# 2 Similar Authentic RDA’s Compared



## Spydro (8/6/17)

Psyclone Mods Hadaly and Vandy Vape Pulse 22.


This is not a review. It’s just some comparisons between these two as they apply to my personal uses after running one for months and the other for a week plus. I have ran them on both mechs and regulated mods, but my preference is squonking rather than dripping RDA’s. Note that I am a DLH vaper, not a tootle puffer.

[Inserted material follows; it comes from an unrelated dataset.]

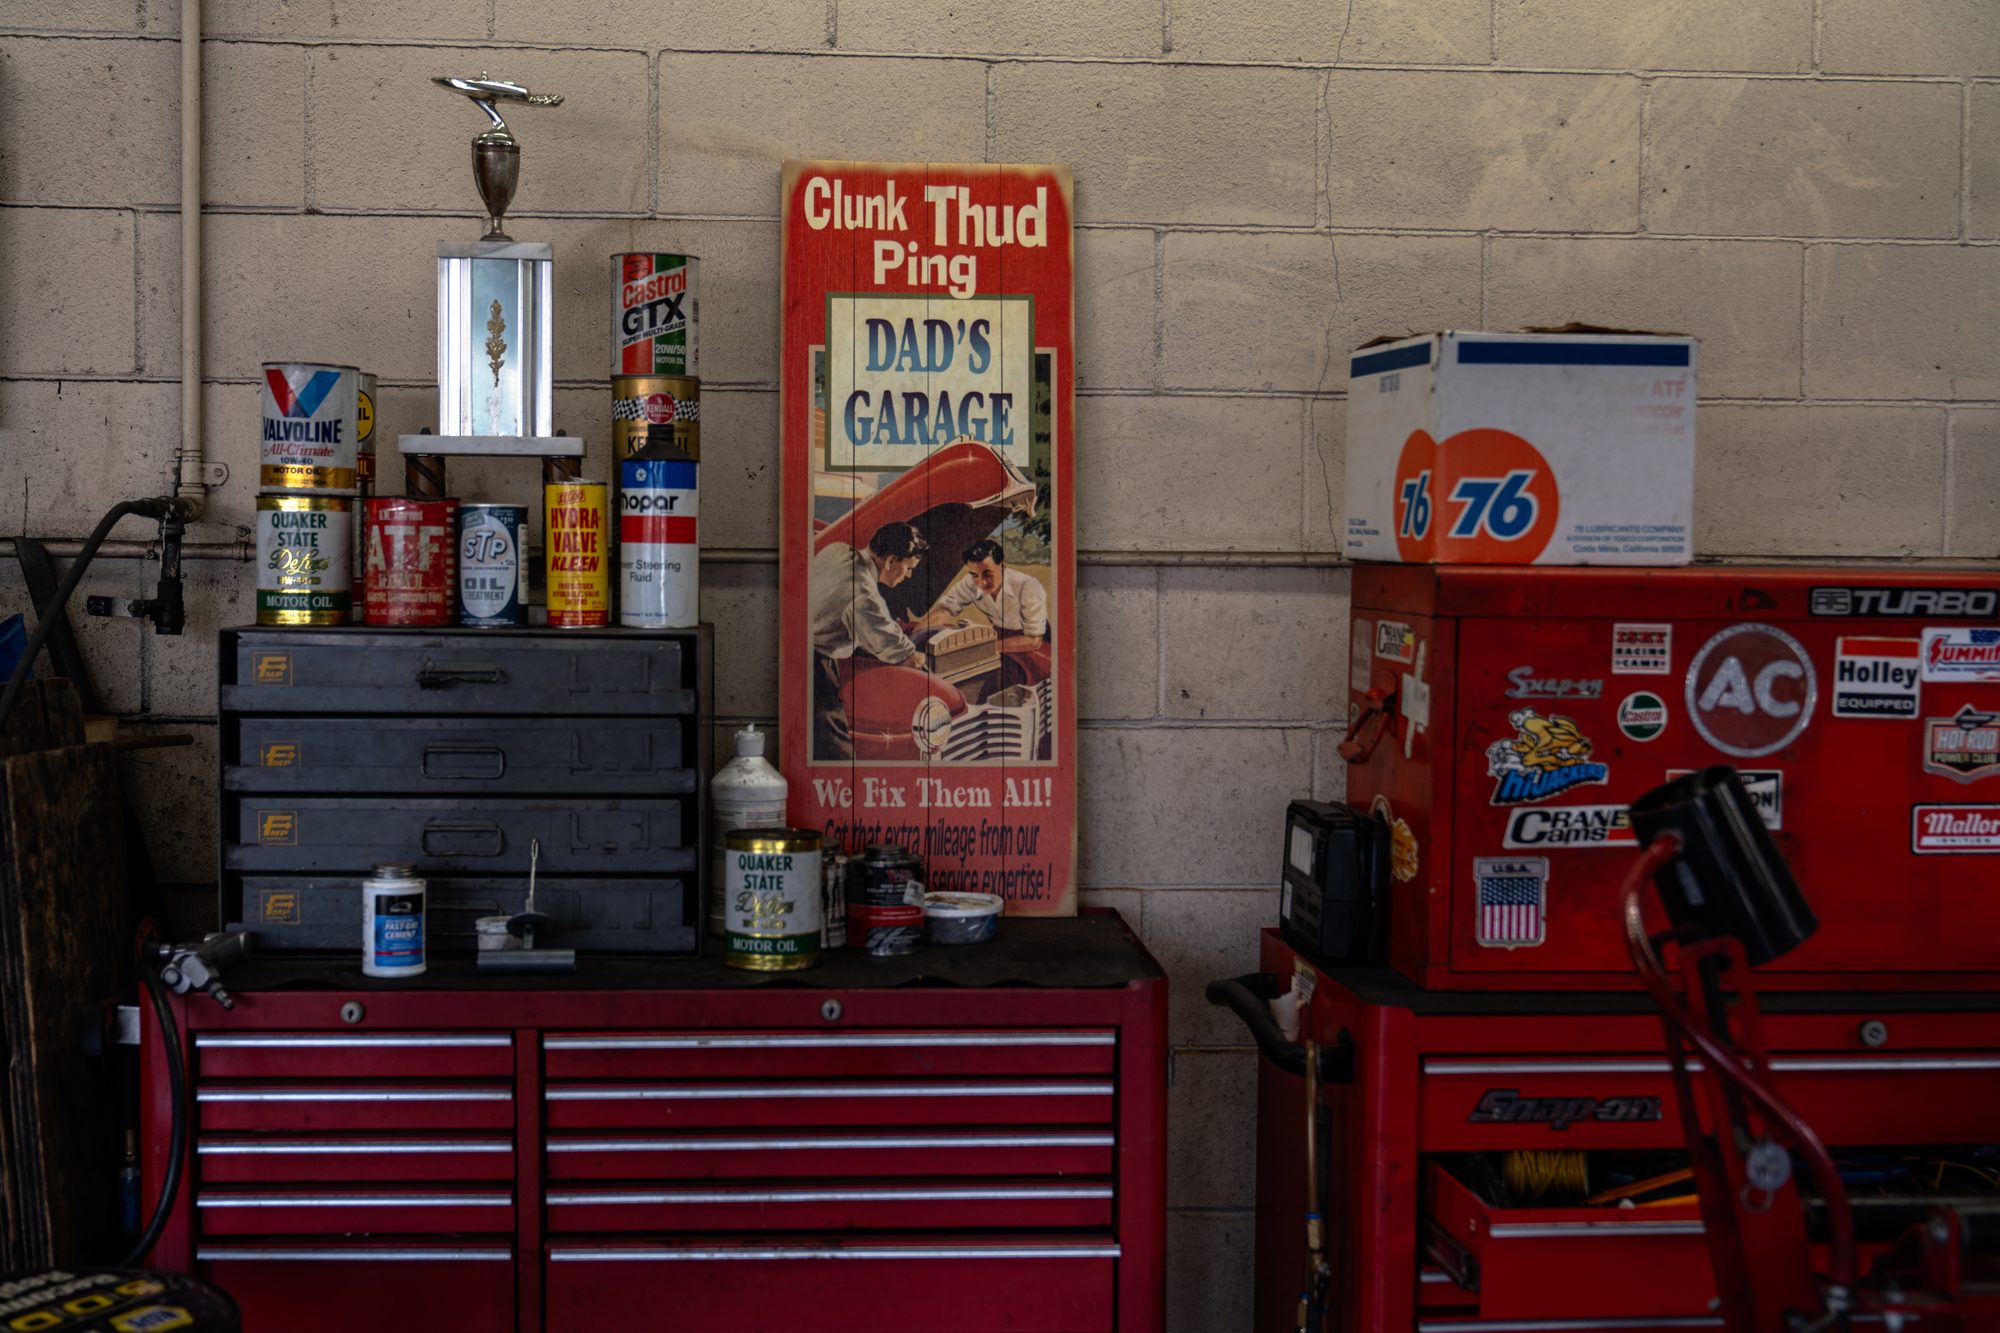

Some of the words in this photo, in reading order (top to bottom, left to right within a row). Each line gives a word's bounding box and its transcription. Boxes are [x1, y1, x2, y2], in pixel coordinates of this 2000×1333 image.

Common ground includes that both of them are 22mm single coil atty’s; both have an included squonk positive pin; and for my use both have RxW wicking in hem. Note on the RxW… IMO no other wicking can compete with it for flavor and keeping up with the coil even when chain vaping. So to me it’s an advantage over cotton, etc (that I have not ran in either of them).

With the Hadaly’s very low internal position of it’s AFC slots it is very easy to get leaks from them if you over drip/squonk or tilt to vape with the AFC’s down… whereas that is not a problem at all on the Pulse 22. That makes positioning the Hadaly AFC’s perpendicular to the tilt to vape a prudent requirement that is not needed with the P22. The Hadaly is a restricted lung draw with all AFC’s wide open while the Pulse has very ample air available for DLH’s. Since I always build for each of my DIY liquids themselves in the atty they are ran in and for the power I want to run them at both of these RDA’s can be great flavor atty’s for me.

For my personal uses the Pulse 22 edges out the Hadaly mainly because of the Pulse 22’s ample air available for my DLH’s, but also because I like wide bore tips/chuffs and because I hate leaks.

(As requested @Andre.)

ETA: My Hadaly's cost me $80 US each delivered, the Pulse 22 was $31 US delivered.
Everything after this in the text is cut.